DATA EXCERPTS:
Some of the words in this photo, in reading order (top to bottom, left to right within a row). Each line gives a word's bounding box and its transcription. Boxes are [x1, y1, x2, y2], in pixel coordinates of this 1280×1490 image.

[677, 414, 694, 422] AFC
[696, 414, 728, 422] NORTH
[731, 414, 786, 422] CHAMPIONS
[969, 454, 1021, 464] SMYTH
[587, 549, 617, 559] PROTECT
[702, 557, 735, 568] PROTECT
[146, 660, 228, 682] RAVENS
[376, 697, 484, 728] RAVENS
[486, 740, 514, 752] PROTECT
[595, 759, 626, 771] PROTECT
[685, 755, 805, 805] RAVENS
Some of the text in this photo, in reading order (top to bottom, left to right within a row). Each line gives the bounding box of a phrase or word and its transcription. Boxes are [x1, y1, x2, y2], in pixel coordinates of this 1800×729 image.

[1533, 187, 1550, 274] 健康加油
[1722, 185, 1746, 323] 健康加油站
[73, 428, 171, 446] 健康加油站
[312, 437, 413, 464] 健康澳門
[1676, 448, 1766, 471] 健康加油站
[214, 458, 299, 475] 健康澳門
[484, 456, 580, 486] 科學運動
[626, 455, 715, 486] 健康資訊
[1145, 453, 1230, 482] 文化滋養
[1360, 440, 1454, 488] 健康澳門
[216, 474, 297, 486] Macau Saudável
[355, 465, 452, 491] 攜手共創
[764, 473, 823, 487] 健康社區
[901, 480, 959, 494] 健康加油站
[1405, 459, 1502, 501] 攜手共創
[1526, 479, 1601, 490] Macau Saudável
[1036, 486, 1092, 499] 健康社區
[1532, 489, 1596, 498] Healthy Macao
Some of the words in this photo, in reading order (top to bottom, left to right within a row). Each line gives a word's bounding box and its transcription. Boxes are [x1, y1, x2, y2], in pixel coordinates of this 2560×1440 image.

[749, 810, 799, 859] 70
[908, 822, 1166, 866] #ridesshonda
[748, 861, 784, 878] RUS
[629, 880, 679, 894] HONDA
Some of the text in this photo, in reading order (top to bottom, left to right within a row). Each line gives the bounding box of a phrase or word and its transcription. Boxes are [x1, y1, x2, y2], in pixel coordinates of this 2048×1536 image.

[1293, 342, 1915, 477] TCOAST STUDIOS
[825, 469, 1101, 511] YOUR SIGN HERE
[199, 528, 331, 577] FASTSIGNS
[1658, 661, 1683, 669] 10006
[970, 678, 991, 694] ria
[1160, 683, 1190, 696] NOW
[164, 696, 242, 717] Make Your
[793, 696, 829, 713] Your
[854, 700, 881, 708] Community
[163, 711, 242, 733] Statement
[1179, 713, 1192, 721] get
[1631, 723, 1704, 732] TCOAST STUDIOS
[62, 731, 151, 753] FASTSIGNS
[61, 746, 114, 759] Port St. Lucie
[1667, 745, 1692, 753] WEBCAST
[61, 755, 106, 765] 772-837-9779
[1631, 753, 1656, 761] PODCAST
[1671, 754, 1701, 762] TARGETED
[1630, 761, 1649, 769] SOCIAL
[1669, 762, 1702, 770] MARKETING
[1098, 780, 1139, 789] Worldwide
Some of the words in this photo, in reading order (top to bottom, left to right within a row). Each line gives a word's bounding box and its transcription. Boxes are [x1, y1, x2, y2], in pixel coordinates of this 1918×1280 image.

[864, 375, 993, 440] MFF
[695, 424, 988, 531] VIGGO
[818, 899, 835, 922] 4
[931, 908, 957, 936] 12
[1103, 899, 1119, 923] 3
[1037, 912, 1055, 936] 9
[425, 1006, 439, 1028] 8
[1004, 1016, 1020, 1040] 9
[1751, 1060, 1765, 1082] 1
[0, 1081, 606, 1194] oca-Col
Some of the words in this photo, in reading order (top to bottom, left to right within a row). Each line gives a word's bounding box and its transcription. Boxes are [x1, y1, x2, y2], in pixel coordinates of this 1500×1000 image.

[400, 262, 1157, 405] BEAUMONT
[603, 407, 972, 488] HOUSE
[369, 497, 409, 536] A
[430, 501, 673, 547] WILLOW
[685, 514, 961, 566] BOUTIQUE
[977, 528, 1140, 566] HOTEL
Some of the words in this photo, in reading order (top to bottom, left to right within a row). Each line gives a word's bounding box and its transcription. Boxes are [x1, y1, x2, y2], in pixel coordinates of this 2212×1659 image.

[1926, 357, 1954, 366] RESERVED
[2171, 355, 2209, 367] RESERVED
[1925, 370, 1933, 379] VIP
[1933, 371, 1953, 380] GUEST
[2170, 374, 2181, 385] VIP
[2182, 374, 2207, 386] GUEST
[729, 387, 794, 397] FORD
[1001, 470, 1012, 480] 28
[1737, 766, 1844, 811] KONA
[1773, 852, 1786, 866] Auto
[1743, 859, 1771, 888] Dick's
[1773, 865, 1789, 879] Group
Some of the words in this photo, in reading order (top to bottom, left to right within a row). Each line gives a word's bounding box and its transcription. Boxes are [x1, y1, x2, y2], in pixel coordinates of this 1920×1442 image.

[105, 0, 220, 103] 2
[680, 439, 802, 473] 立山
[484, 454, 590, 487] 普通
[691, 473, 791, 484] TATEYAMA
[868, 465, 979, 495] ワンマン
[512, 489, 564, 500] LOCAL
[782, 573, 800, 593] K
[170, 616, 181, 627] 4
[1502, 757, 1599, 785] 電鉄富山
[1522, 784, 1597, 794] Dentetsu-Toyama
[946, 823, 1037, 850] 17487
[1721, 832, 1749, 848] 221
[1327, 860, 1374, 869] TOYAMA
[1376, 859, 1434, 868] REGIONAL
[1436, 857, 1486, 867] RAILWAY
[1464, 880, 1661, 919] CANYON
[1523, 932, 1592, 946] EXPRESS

DIRECTIONS FOR THIS TASK: Give the listing again, exactly as it was written.

WRITTEN SOLUTION:
Some of the words in this photo, in reading order (top to bottom, left to right within a row). Each line gives a word's bounding box and its transcription. Boxes are [x1, y1, x2, y2], in pixel coordinates of this 1280×1490 image.

[677, 414, 694, 422] AFC
[696, 414, 728, 422] NORTH
[731, 414, 786, 422] CHAMPIONS
[969, 454, 1021, 464] SMYTH
[587, 549, 617, 559] PROTECT
[702, 557, 735, 568] PROTECT
[146, 660, 228, 682] RAVENS
[376, 697, 484, 728] RAVENS
[486, 740, 514, 752] PROTECT
[595, 759, 626, 771] PROTECT
[685, 755, 805, 805] RAVENS
Some of the text in this photo, in reading order (top to bottom, left to right within a row). Each line gives the bounding box of a phrase or word and its transcription. Boxes are [x1, y1, x2, y2], in pixel coordinates of this 1800×729 image.

[1533, 187, 1550, 274] 健康加油
[1722, 185, 1746, 323] 健康加油站
[73, 428, 171, 446] 健康加油站
[312, 437, 413, 464] 健康澳門
[1676, 448, 1766, 471] 健康加油站
[214, 458, 299, 475] 健康澳門
[484, 456, 580, 486] 科學運動
[626, 455, 715, 486] 健康資訊
[1145, 453, 1230, 482] 文化滋養
[1360, 440, 1454, 488] 健康澳門
[216, 474, 297, 486] Macau Saudável
[355, 465, 452, 491] 攜手共創
[764, 473, 823, 487] 健康社區
[901, 480, 959, 494] 健康加油站
[1405, 459, 1502, 501] 攜手共創
[1526, 479, 1601, 490] Macau Saudável
[1036, 486, 1092, 499] 健康社區
[1532, 489, 1596, 498] Healthy Macao
Some of the words in this photo, in reading order (top to bottom, left to right within a row). Each line gives a word's bounding box and its transcription. Boxes are [x1, y1, x2, y2], in pixel coordinates of this 2560×1440 image.

[749, 810, 799, 859] 70
[908, 822, 1166, 866] #ridesshonda
[748, 861, 784, 878] RUS
[629, 880, 679, 894] HONDA
Some of the text in this photo, in reading order (top to bottom, left to right within a row). Each line gives the bounding box of a phrase or word and its transcription. Boxes are [x1, y1, x2, y2], in pixel coordinates of this 2048×1536 image.

[1293, 342, 1915, 477] TCOAST STUDIOS
[825, 469, 1101, 511] YOUR SIGN HERE
[199, 528, 331, 577] FASTSIGNS
[1658, 661, 1683, 669] 10006
[970, 678, 991, 694] ria
[1160, 683, 1190, 696] NOW
[164, 696, 242, 717] Make Your
[793, 696, 829, 713] Your
[854, 700, 881, 708] Community
[163, 711, 242, 733] Statement
[1179, 713, 1192, 721] get
[1631, 723, 1704, 732] TCOAST STUDIOS
[62, 731, 151, 753] FASTSIGNS
[61, 746, 114, 759] Port St. Lucie
[1667, 745, 1692, 753] WEBCAST
[61, 755, 106, 765] 772-837-9779
[1631, 753, 1656, 761] PODCAST
[1671, 754, 1701, 762] TARGETED
[1630, 761, 1649, 769] SOCIAL
[1669, 762, 1702, 770] MARKETING
[1098, 780, 1139, 789] Worldwide
Some of the words in this photo, in reading order (top to bottom, left to right within a row). Each line gives a word's bounding box and its transcription. Boxes are [x1, y1, x2, y2], in pixel coordinates of this 1918×1280 image.

[864, 375, 993, 440] MFF
[695, 424, 988, 531] VIGGO
[818, 899, 835, 922] 4
[931, 908, 957, 936] 12
[1103, 899, 1119, 923] 3
[1037, 912, 1055, 936] 9
[425, 1006, 439, 1028] 8
[1004, 1016, 1020, 1040] 9
[1751, 1060, 1765, 1082] 1
[0, 1081, 606, 1194] oca-Col
Some of the words in this photo, in reading order (top to bottom, left to right within a row). Each line gives a word's bounding box and its transcription. Boxes are [x1, y1, x2, y2], in pixel coordinates of this 1500×1000 image.

[400, 262, 1157, 405] BEAUMONT
[603, 407, 972, 488] HOUSE
[369, 497, 409, 536] A
[430, 501, 673, 547] WILLOW
[685, 514, 961, 566] BOUTIQUE
[977, 528, 1140, 566] HOTEL
Some of the words in this photo, in reading order (top to bottom, left to right within a row). Each line gives a word's bounding box and its transcription. Boxes are [x1, y1, x2, y2], in pixel coordinates of this 2212×1659 image.

[1926, 357, 1954, 366] RESERVED
[2171, 355, 2209, 367] RESERVED
[1925, 370, 1933, 379] VIP
[1933, 371, 1953, 380] GUEST
[2170, 374, 2181, 385] VIP
[2182, 374, 2207, 386] GUEST
[729, 387, 794, 397] FORD
[1001, 470, 1012, 480] 28
[1737, 766, 1844, 811] KONA
[1773, 852, 1786, 866] Auto
[1743, 859, 1771, 888] Dick's
[1773, 865, 1789, 879] Group
Some of the words in this photo, in reading order (top to bottom, left to right within a row). Each line gives a word's bounding box and its transcription. Boxes are [x1, y1, x2, y2], in pixel coordinates of this 1920×1442 image.

[105, 0, 220, 103] 2
[680, 439, 802, 473] 立山
[484, 454, 590, 487] 普通
[691, 473, 791, 484] TATEYAMA
[868, 465, 979, 495] ワンマン
[512, 489, 564, 500] LOCAL
[782, 573, 800, 593] K
[170, 616, 181, 627] 4
[1502, 757, 1599, 785] 電鉄富山
[1522, 784, 1597, 794] Dentetsu-Toyama
[946, 823, 1037, 850] 17487
[1721, 832, 1749, 848] 221
[1327, 860, 1374, 869] TOYAMA
[1376, 859, 1434, 868] REGIONAL
[1436, 857, 1486, 867] RAILWAY
[1464, 880, 1661, 919] CANYON
[1523, 932, 1592, 946] EXPRESS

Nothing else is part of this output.